Methods: This narrative review with an evidence-based approach combined laboratory studies of high resolution (micro-CT, push-out and leakage assays), animal and ex-vivo biocompatibility experiments, randomized controlled trials, prospective cohorts, and systematic reviews and meta-analyses published from 2020 to 2025. Priority was given to studies that make comparisons of full obturation systems (material + technique), report clinical outcomes of medium to long term, or address retreatability and practical workflow issues.

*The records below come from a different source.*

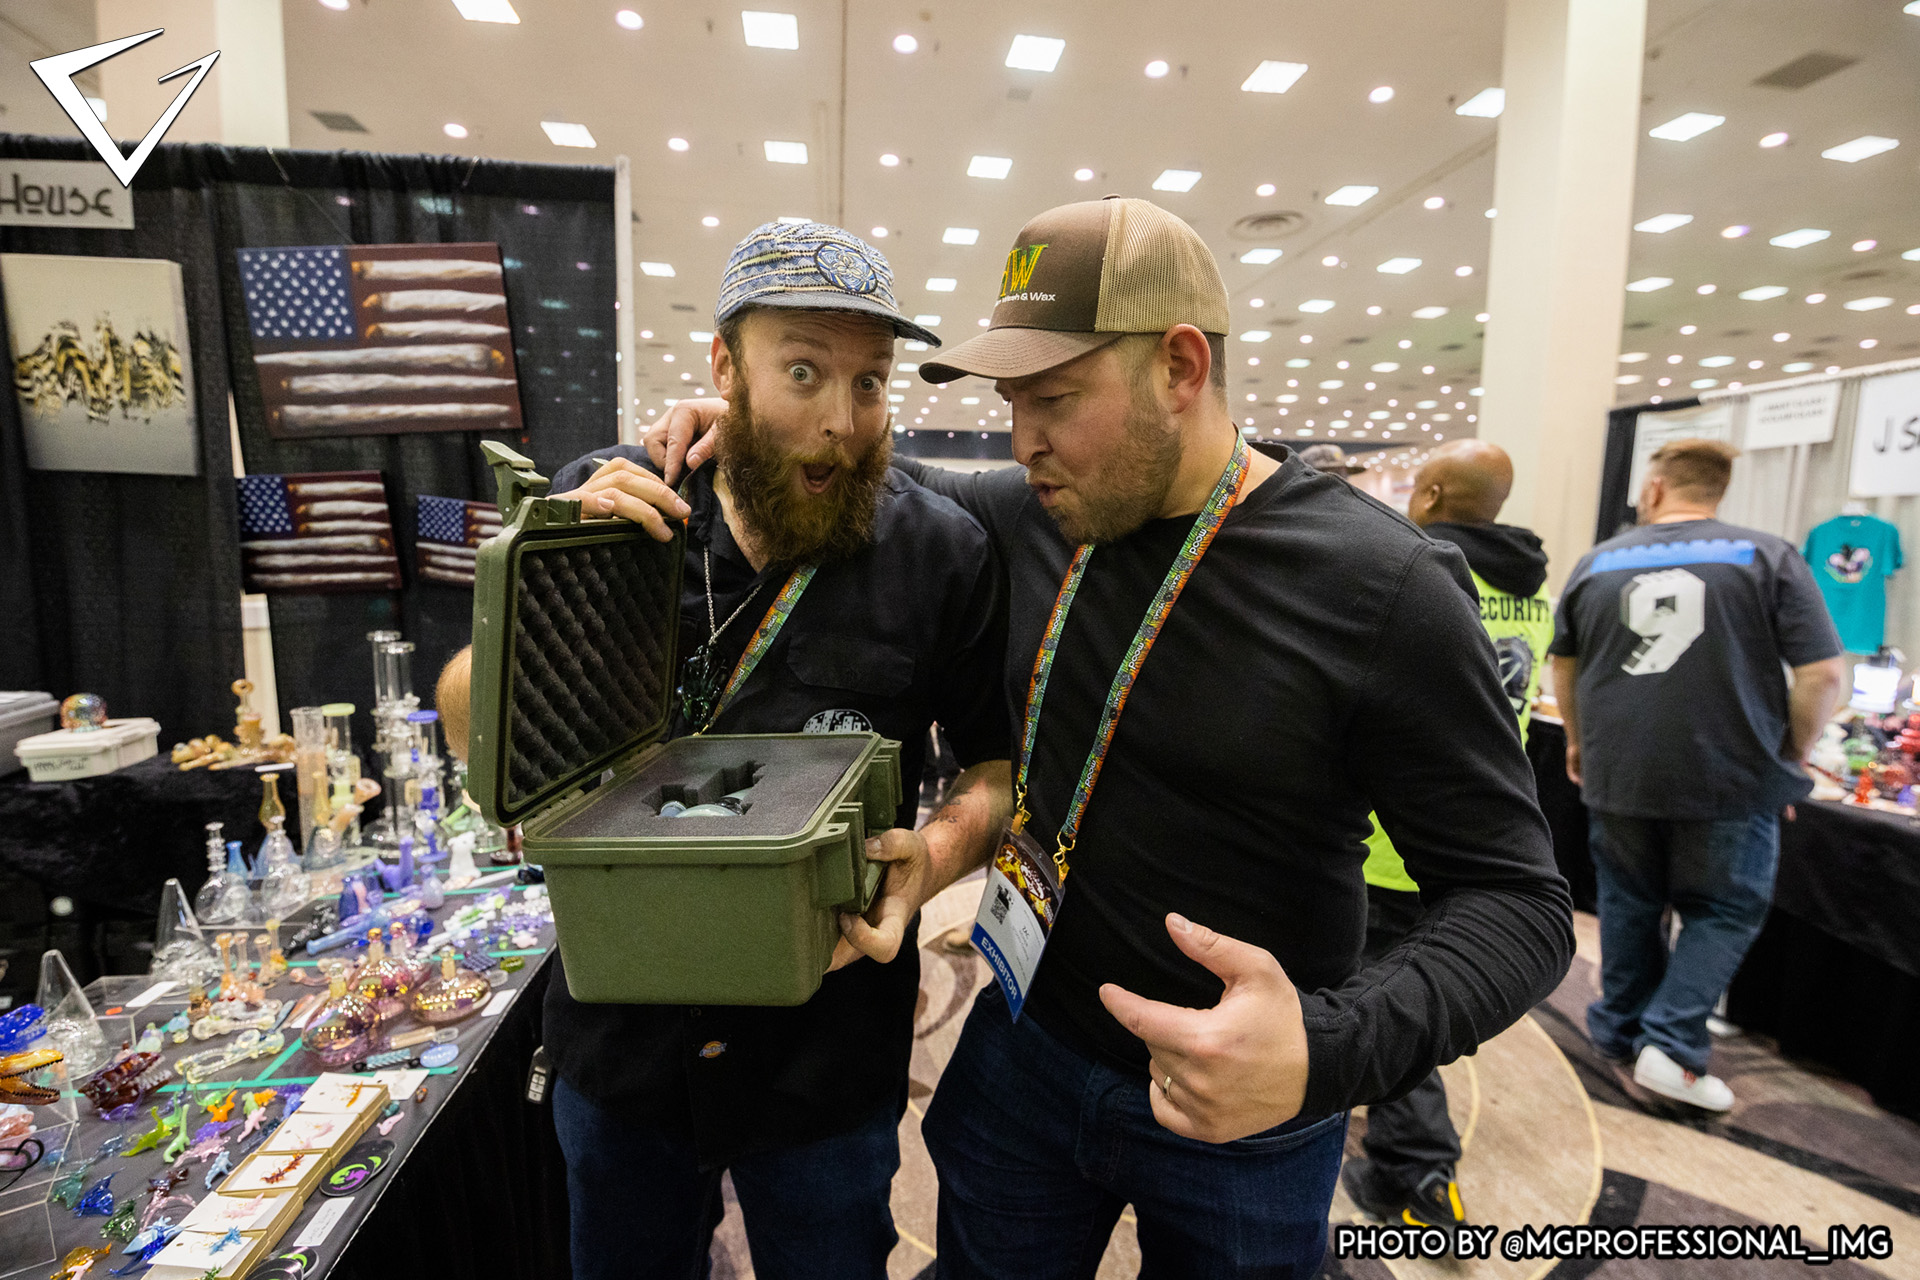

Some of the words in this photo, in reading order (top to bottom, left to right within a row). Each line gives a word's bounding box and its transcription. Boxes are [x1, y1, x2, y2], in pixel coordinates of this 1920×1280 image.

[1030, 292, 1056, 301] Wax
[1189, 527, 1207, 556] mood
[785, 577, 801, 599] mood
[1051, 609, 1063, 634] mood
[1621, 567, 1706, 676] 9
[1128, 642, 1145, 670] mood
[730, 667, 745, 691] mood
[1025, 721, 1033, 748] mood
[1085, 759, 1097, 788] mood
[981, 936, 1018, 1000] EXHIBITOR
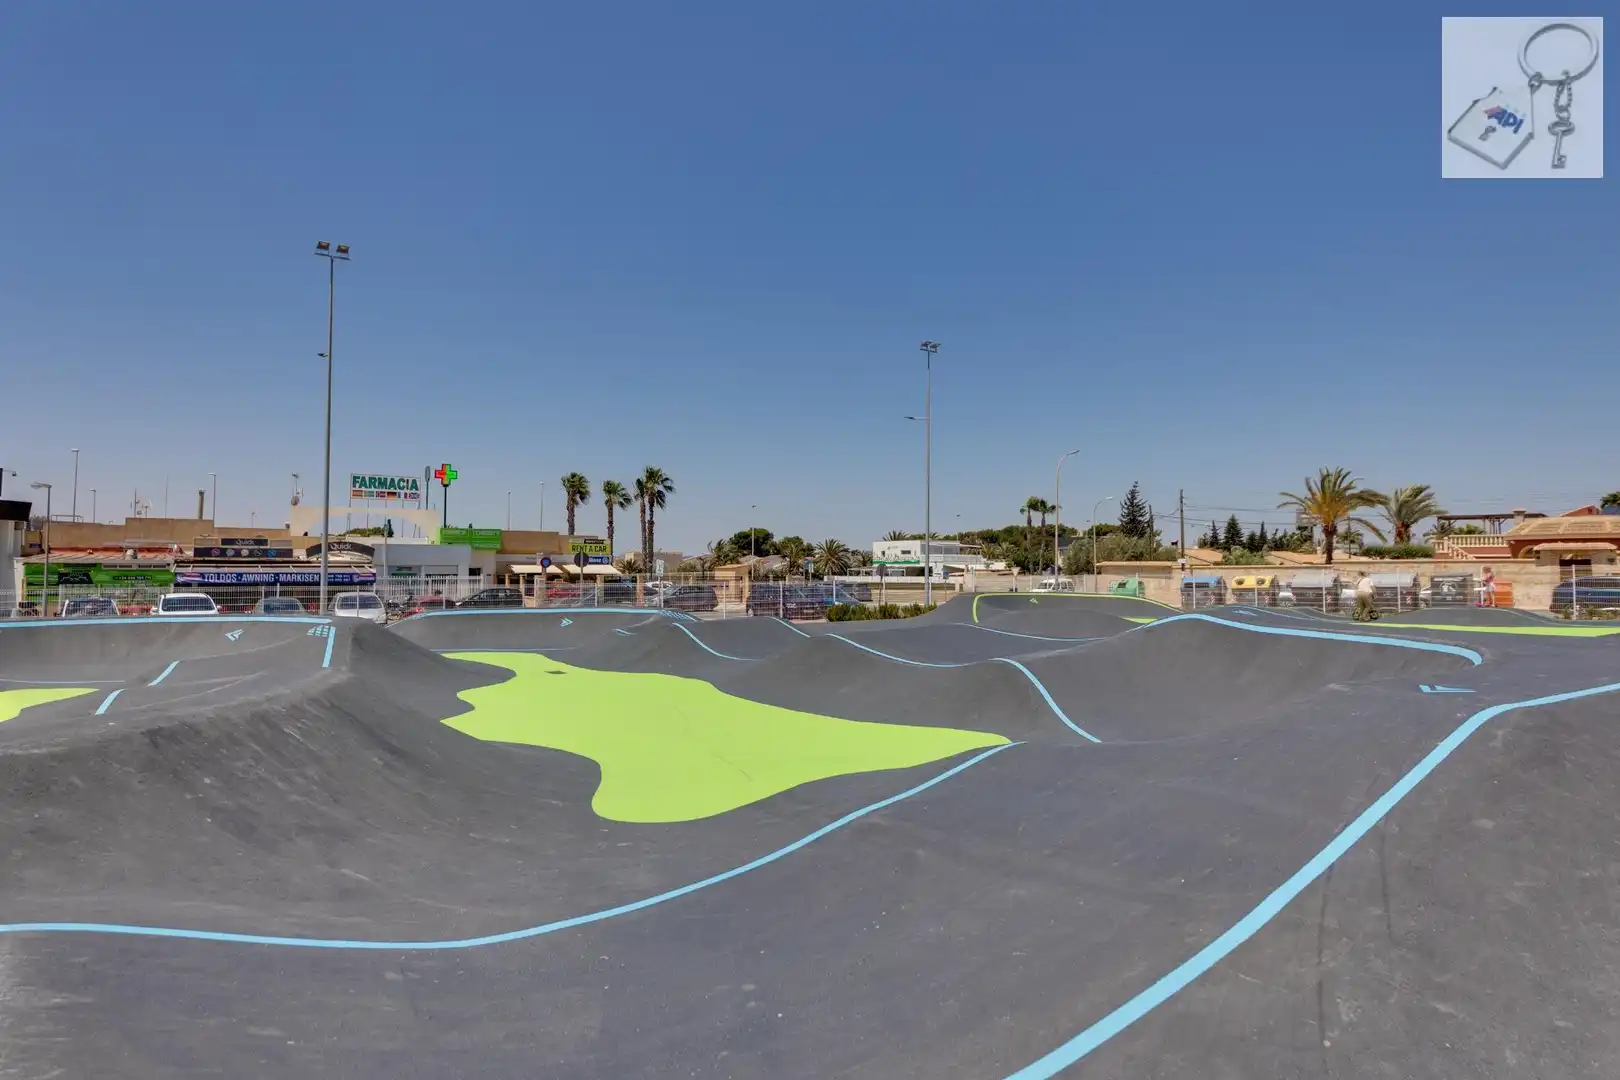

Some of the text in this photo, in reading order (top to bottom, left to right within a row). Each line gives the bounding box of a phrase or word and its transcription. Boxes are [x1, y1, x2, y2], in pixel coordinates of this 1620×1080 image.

[352, 475, 419, 491] FARMACIA
[204, 573, 237, 582] TOLDOS
[242, 573, 275, 582] AWNING
[279, 573, 320, 582] MARKISEN

Results: Laboratory studies give consistent evidence that warm thermoplastic methods and perfectly implemented carrier or injectable systems result in lower macroscopic void volumes and better three-dimensional adaptation as opposed to cold lateral compaction. Single-cone procedures together with premixed hydraulic calcium-silicate (bioceramic) sealers generally present similar in-vitro filling measures in circular, instrument-matched canals due to the hydrophilic sealer's ability to fill micro-irregularities and possibly to the generation of mineral similar to apatite over time. In practice, medium-term randomized trials and cohort studies declare no major or consistent superiority of any single material–technique pairing for periapical healing or tooth survival when chemo-mechanical disinfection and coronal restoration are optimized. Among the major practical caveats are differences in product-specific solubility and retrievability (some bioceramic substances can be more difficult to remove), operator reliance on warm techniques, and fluctuating short-term postoperative pain that is linked more to technique execution than to material class.
Conclusions: There is not a single obturation material or method that provides better clinical results than others in all cases. The most suitable strategy is to customize the treatment according to the specific case: anatomy, likelihood of retreatment, and the skill level of the operator should be considered when choosing a material- technique system. Bioceramic sealers are able to provide genuine bioactivity and simpler workflows and are thus a strong option for plenty of the normal cases, though the dentists should know the specific product's retreatability and solubility data. Long-term (>5 years) randomized studies and retrievability tests that follow standard procedures are still the challenges for future studies.